## Work required:
Write all of the entries out again exactly, but not the images.

=== Section Start ===

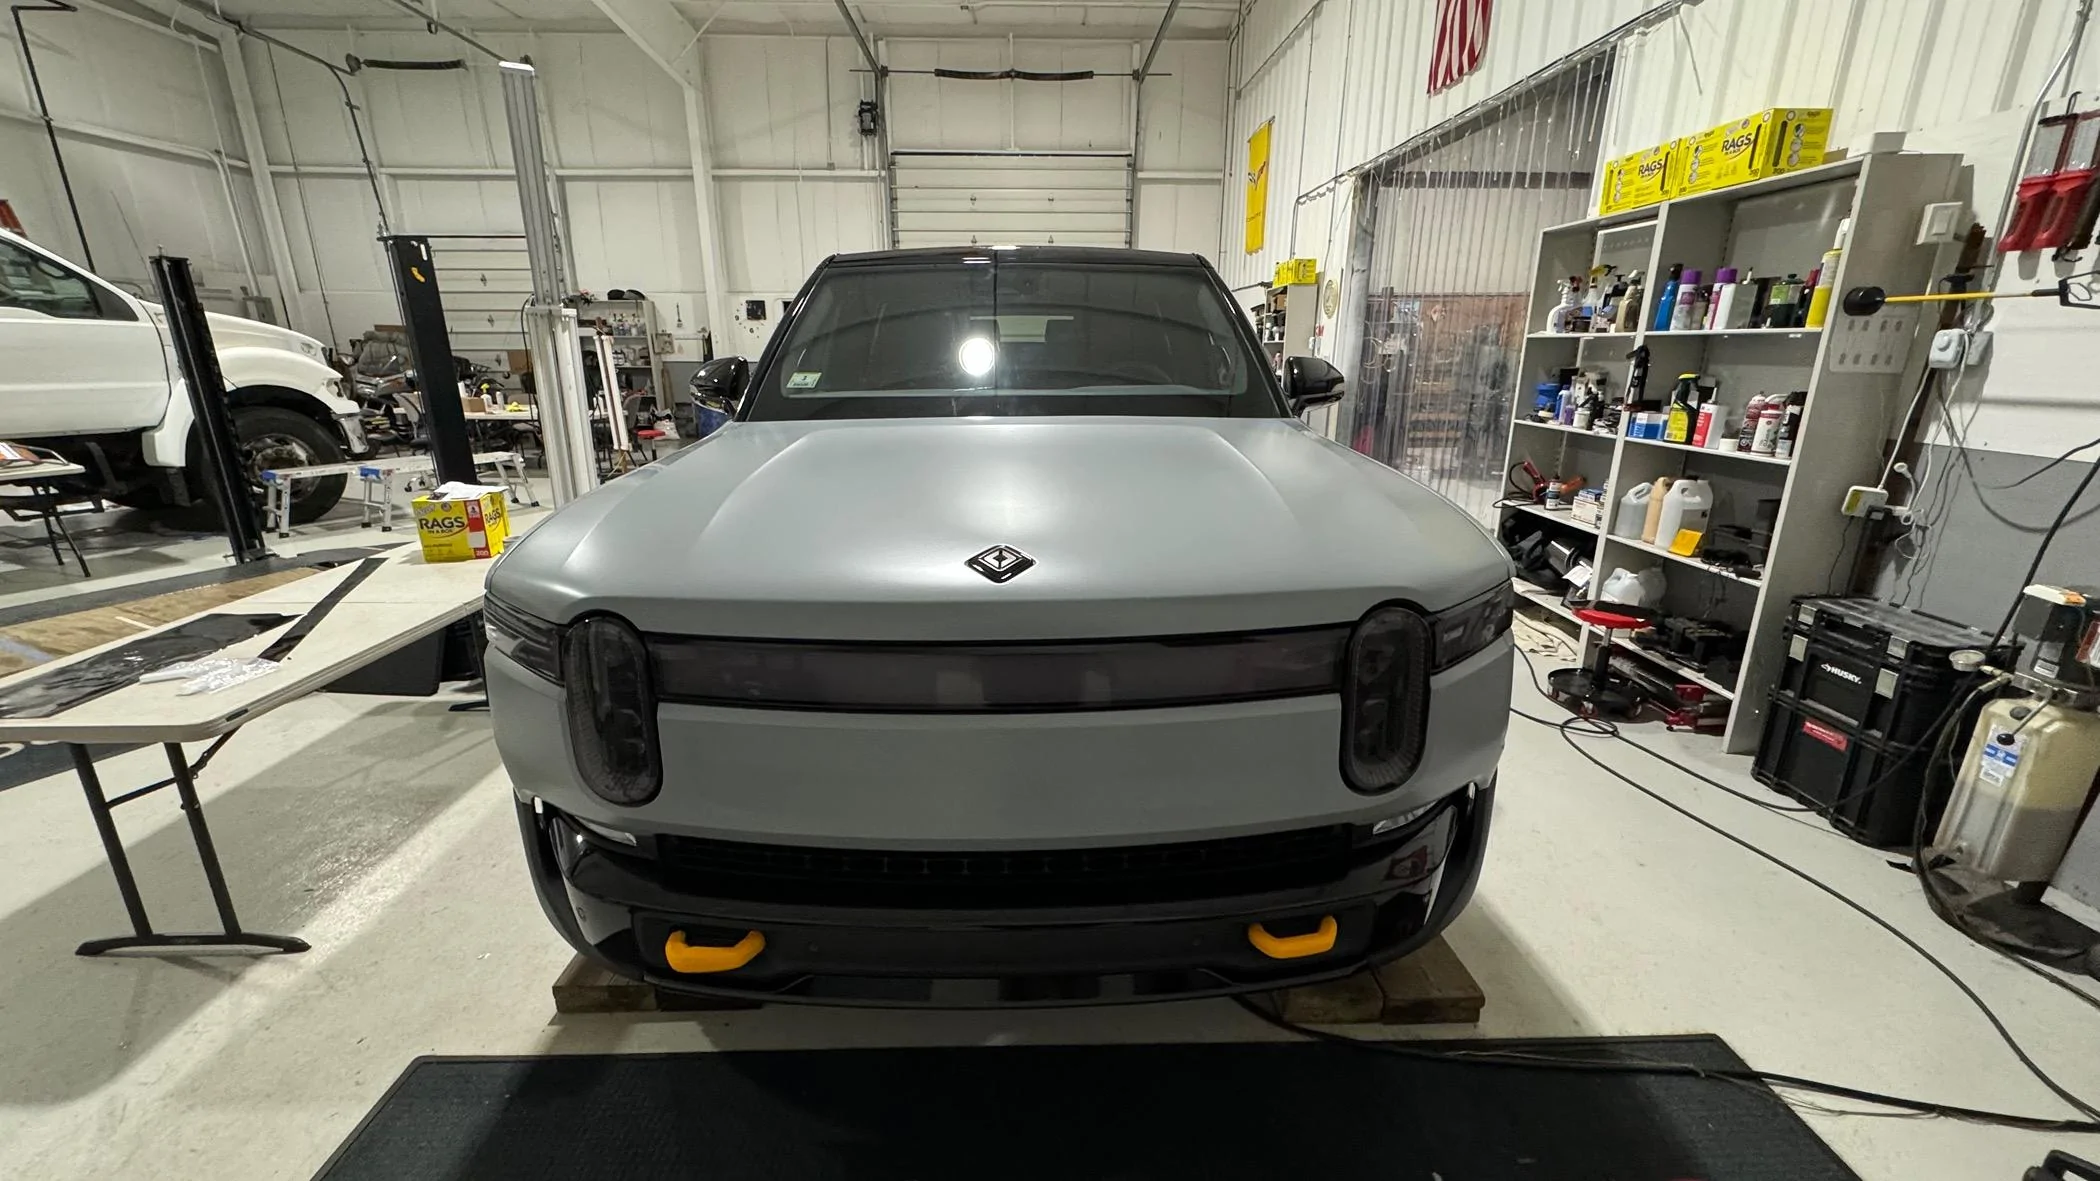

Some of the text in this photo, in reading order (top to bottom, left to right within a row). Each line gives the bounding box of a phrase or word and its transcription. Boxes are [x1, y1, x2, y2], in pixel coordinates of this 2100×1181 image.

[1721, 133, 1752, 152] RAGS
[1638, 159, 1663, 176] RAGS
[419, 516, 465, 529] RAGS
[485, 508, 501, 523] RAGS
[1830, 667, 1861, 683] HUSKY
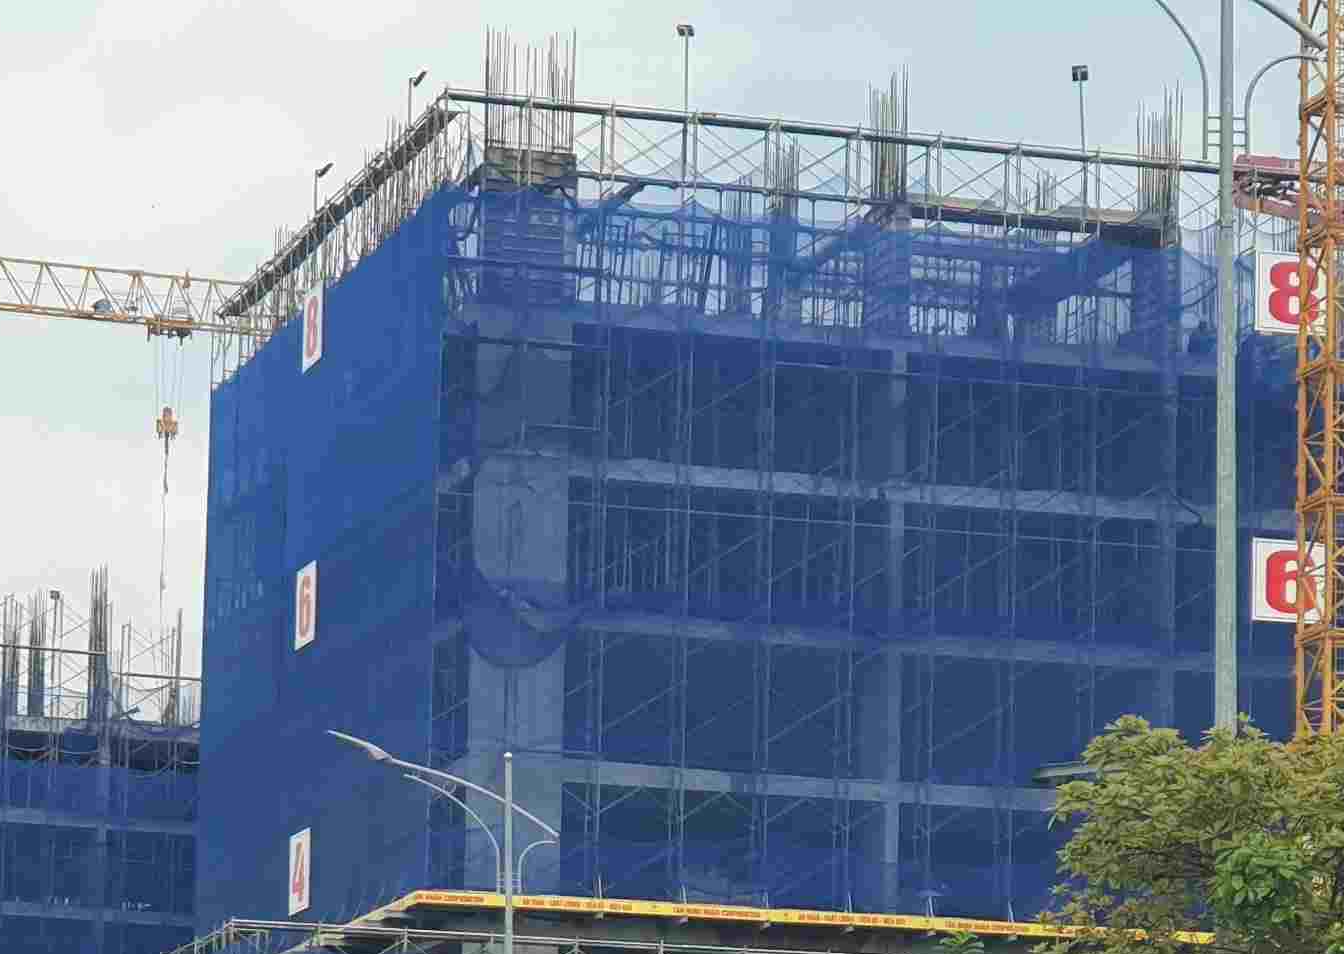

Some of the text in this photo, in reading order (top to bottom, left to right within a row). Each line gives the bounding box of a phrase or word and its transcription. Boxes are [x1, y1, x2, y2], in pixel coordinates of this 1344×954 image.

=== Section End ===

## Finished task:
Some of the text in this photo, in reading order (top to bottom, left to right within a row). Each line gives the bounding box of a phrase or word and its transcription. Boxes are [x1, y1, x2, y2], in pixel coordinates of this 2100×1181 image.

[1721, 133, 1752, 152] RAGS
[1638, 159, 1663, 176] RAGS
[419, 516, 465, 529] RAGS
[485, 508, 501, 523] RAGS
[1830, 667, 1861, 683] HUSKY

Some of the text in this photo, in reading order (top to bottom, left to right within a row). Each line gives the bounding box of a phrase or word and its transcription. Boxes are [x1, y1, x2, y2], in pixel coordinates of this 1344×954 image.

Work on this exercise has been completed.